On Dibona, we observe a slightly different scenario. The Portals implementation is again depicted in orange, while the MPI implementation is shown in blue. Notably, for small message sizes, the Portals implementation outperforms the MPI one significantly as it did on the DEEP system. Weirdly the portals version reaches its maximum bandwidth for medium message size and then drops off for larger ones. Additionally, the bidirectional kernel demonstrates only slightly better bandwidth compared to the semidirectional kernel. Probably there is some misconfiguration preventing the achievement of larger bandwidth. Since the DEEP runs have shown that the BXI interconnect is definitely capable of truly bidirectional communication. The unidirectional kernel proves highly effective in reducing latency, thus the mpi version exhibits notably faster performance for small and medium messages. But also it shows approximately 20% higher bandwidths for large messages. Interestingly the portals version maintains a constant lead even for larger message sizes.

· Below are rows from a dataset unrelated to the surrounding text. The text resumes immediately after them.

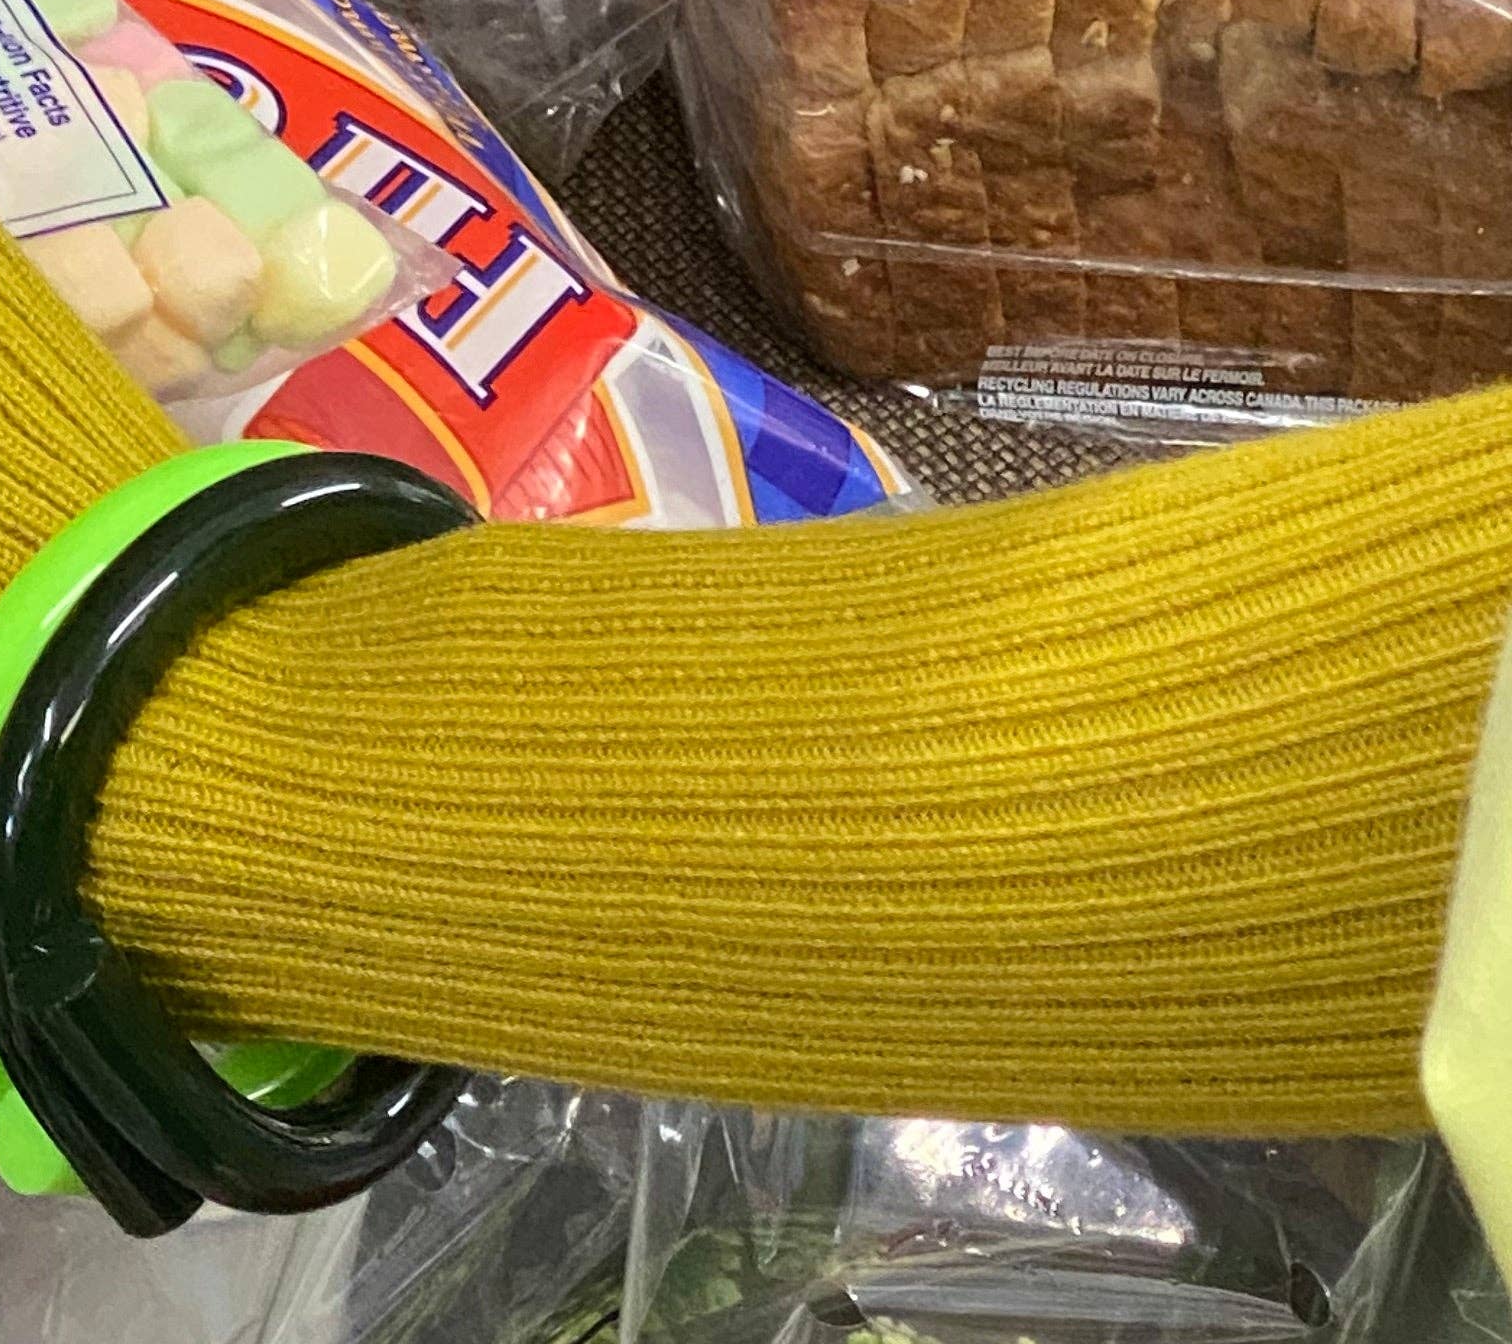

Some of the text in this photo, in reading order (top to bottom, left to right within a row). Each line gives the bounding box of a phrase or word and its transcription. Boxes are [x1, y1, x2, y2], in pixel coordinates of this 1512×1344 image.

[23, 64, 73, 129] Facts
[1051, 362, 1092, 376] AVANT
[1094, 363, 1111, 377] LA
[1114, 365, 1148, 379] DATE
[1151, 367, 1180, 381] SUR
[1183, 368, 1201, 382] LE
[977, 376, 1055, 395] RECYCLING
[1057, 380, 1148, 400] REGULATIONS
[1151, 386, 1187, 402] VARY
[1190, 389, 1244, 406] ACROSS
[1305, 395, 1335, 411] THIS
[977, 393, 997, 407] LA

In summary, the Dibona results are a bit more surprising. They are far off the maximum theoretical bandwidth and there are multiple anomalies. In contrast to the BXI nodes on deep, the Dibona system was used by other users at the time of testing. The measurements might turn out differently when the system is otherwise empty.

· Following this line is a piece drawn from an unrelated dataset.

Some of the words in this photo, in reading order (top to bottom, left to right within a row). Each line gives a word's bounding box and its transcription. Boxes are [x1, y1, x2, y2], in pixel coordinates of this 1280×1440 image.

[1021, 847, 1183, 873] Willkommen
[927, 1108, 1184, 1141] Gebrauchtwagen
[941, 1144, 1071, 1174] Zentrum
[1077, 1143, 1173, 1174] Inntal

In RED-SEA LinkTest has been extended with direct Portals support and tested on both test platforms in multiple configurations. The implementation process highlights the details of communication protocols and how they influence performance. The Portals API allows for some latency optimizations compared to MPI that are visible in all three kernels. The MPI kernel implementation could possibly be optimized on this type of hardware to match the performance of portals.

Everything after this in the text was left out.